Thankfully, the Holy Spirit hasn't let me off the hook. He convicts me of my sinful arrogance when I use this snarky phrase. What I'm really saying with the words "just wait" is this: "Just wait until you feel the struggle I feel." Or, "I see your struggle, but compared to mine, yours is insignificant."
Instead of listening with grace to a mom I am equipped to relate to, I selfishly draw comparisons to my own life. Then I judge whether or not I feel she is validated in feeling the way she does. If I determine my plight is worse than hers, I use the words "just wait" to lash out. In one fell swoop, I gain her sympathy and respect for my hard situation while discrediting hers.
As a mom of four, it's hard to listen lovingly to the new moms with one baby talk about their tiredness or the difficulty of parenting. But just because I've made it through the fire doesn't negate the fact that another mom is walking through it for the first time, feeling the burn of pain. Our comments as more experienced moms should reflect the grace we've already received from our caring Father. Grace has never been stingy (John 1:16), selective (Romans 12:3), or earned (Romans 5:15). Grace is a gift we've freely received, and should also freely give—preaching always the unsearchable riches of Christ (Ephesians 3:8).
What We Should Say
The overly used and commonly unkind phrase "just wait" fills hearers hearts with dread and causes them to doubt God's goodness.

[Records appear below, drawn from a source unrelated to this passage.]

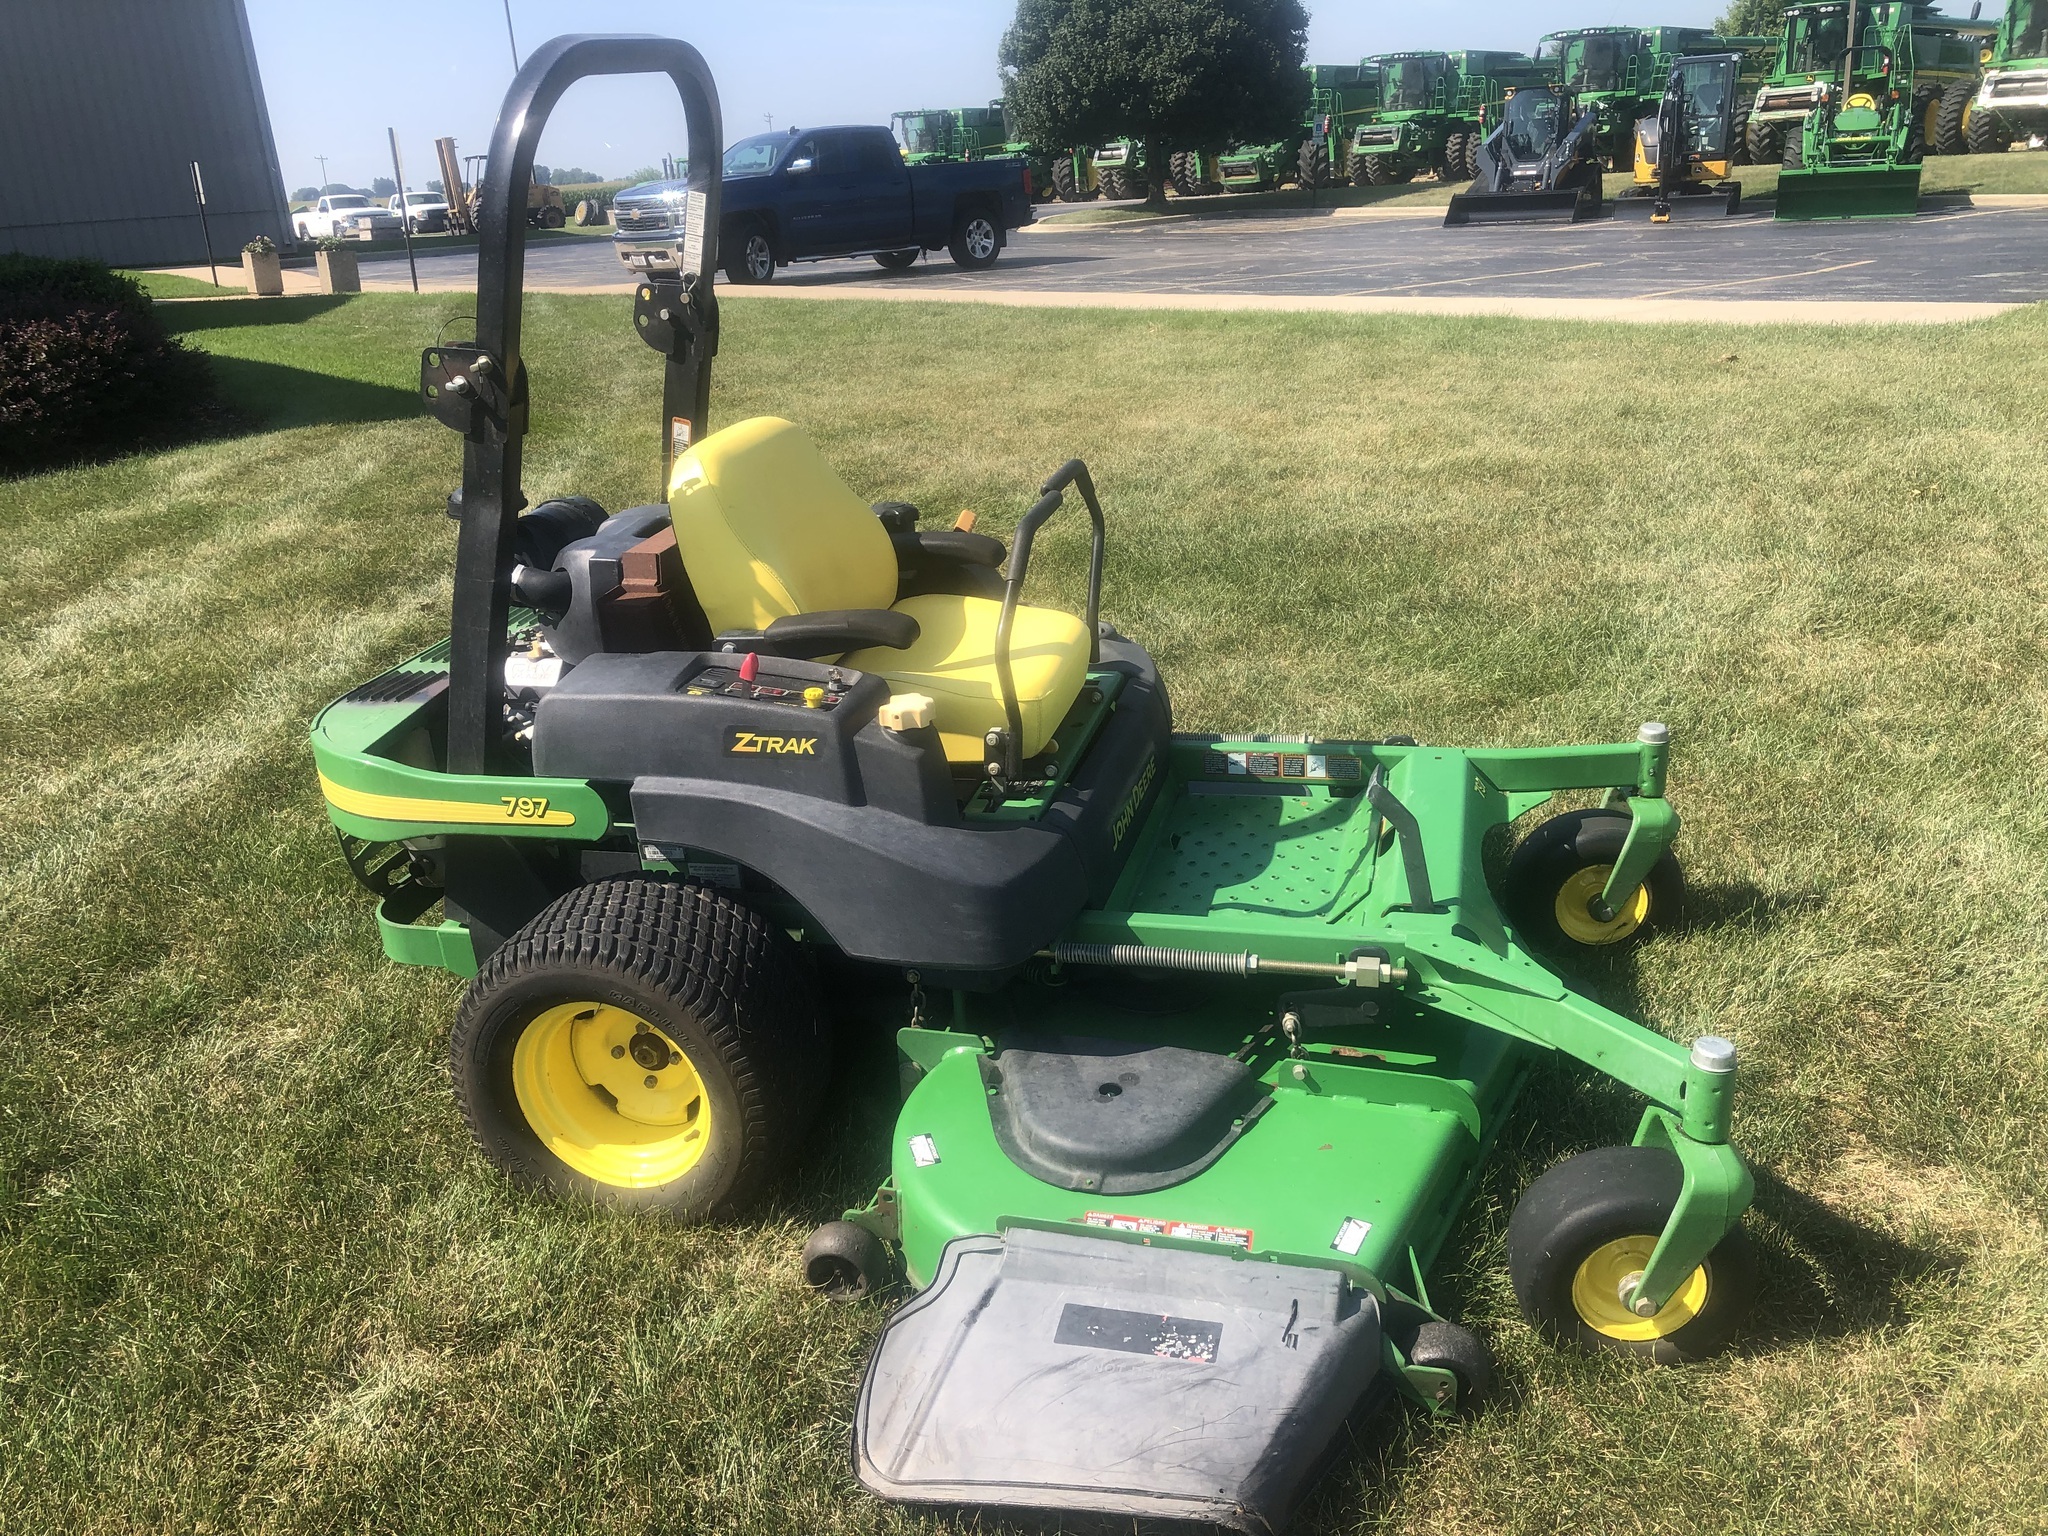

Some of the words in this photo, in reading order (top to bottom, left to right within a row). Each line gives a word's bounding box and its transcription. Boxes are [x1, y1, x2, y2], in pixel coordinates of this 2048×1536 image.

[731, 732, 818, 756] ZTRAK
[501, 796, 550, 818] 797
[1112, 799, 1134, 852] JOHN
[1132, 755, 1157, 810] DEERE
[1091, 1212, 1115, 1220] DANGER
[1143, 1218, 1167, 1226] PELIGRO
[1186, 1223, 1209, 1231] DANGER
[1223, 1227, 1248, 1235] PELIGRO

It robs both new moms and even seasoned moms of rest in gospel realities. Christ himself is our peace—he has broken down in his flesh the dividing wall of hostility by abolishing by law and reconciling us both to God in one body through the cross (Ephesians 2:14). Shouldn't he also be our peace in all stages of our parenting?
The gospel frees us from dispensing gloom-and-doom "just wait" advice to some moms and receiving it from others. When our words elicit this Henny Penny "sky is falling" mentality we fail one another. Instead, we should equip and encourage one another with the same gospel we've received (1 Thessalonians 5:14).

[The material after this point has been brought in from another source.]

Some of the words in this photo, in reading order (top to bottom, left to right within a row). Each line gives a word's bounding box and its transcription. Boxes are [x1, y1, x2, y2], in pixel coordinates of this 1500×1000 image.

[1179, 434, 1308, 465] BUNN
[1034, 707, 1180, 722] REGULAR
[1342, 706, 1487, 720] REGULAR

Take heed, O mom, lest you fail to bring good news and living water to thirsty souls. Instead of enslaving one another to fear and doubt, why not encourage each other's faith? The next time you're tempted to write off a friend's parenting stage or struggle, listen empathetically without relating or comparing her problems to your own. Hear her heart and pray for the Holy Spirit to give you the words of scriptural encouragement she needs. A fitting word brings grace to its hearer (Ephesians 4:49).
Take heart weary sister—"just wait" on the Lord. Wait on him and be strong; let your heart take courage; wait for the LORD (Psalm 27:14). Indeed, none who waits for the LORD will be put to shame (Psalm 25:3). Just wait.
"And now, O Lord, for what do I wait? My hope is in you" (Psalm 39:7).